HOW TO COMPLETE THIS TASK:
Take the line with "this 1600×1074 image." and every line after it in the data. Transcribe them exactly, through the last.

Spatial localization data
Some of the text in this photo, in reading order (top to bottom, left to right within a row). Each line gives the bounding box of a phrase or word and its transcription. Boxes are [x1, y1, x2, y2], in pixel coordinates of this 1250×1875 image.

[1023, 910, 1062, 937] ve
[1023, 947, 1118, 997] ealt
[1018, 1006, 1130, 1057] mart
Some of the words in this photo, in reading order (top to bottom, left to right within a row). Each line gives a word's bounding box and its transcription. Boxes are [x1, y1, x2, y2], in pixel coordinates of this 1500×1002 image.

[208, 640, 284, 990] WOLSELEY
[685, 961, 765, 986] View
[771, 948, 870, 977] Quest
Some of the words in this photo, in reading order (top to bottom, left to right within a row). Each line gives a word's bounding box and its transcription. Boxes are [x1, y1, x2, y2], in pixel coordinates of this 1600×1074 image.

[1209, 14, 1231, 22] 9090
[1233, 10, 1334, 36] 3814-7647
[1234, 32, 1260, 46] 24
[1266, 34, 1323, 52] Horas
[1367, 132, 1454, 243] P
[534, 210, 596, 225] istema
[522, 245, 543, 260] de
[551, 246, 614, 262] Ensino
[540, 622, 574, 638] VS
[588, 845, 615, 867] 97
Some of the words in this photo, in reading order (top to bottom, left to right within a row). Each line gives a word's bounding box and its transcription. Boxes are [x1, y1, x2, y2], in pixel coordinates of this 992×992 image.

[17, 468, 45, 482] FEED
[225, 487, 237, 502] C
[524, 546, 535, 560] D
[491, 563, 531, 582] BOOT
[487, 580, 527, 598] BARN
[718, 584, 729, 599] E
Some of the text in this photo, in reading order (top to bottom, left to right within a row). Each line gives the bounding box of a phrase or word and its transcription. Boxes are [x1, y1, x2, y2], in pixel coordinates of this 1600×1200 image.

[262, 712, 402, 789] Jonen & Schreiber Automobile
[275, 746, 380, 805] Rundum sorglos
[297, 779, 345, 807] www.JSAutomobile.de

RESULT OF THE TASK:
Some of the words in this photo, in reading order (top to bottom, left to right within a row). Each line gives a word's bounding box and its transcription. Boxes are [x1, y1, x2, y2], in pixel coordinates of this 1600×1074 image.

[1209, 14, 1231, 22] 9090
[1233, 10, 1334, 36] 3814-7647
[1234, 32, 1260, 46] 24
[1266, 34, 1323, 52] Horas
[1367, 132, 1454, 243] P
[534, 210, 596, 225] istema
[522, 245, 543, 260] de
[551, 246, 614, 262] Ensino
[540, 622, 574, 638] VS
[588, 845, 615, 867] 97
Some of the words in this photo, in reading order (top to bottom, left to right within a row). Each line gives a word's bounding box and its transcription. Boxes are [x1, y1, x2, y2], in pixel coordinates of this 992×992 image.

[17, 468, 45, 482] FEED
[225, 487, 237, 502] C
[524, 546, 535, 560] D
[491, 563, 531, 582] BOOT
[487, 580, 527, 598] BARN
[718, 584, 729, 599] E
Some of the text in this photo, in reading order (top to bottom, left to right within a row). Each line gives the bounding box of a phrase or word and its transcription. Boxes are [x1, y1, x2, y2], in pixel coordinates of this 1600×1200 image.

[262, 712, 402, 789] Jonen & Schreiber Automobile
[275, 746, 380, 805] Rundum sorglos
[297, 779, 345, 807] www.JSAutomobile.de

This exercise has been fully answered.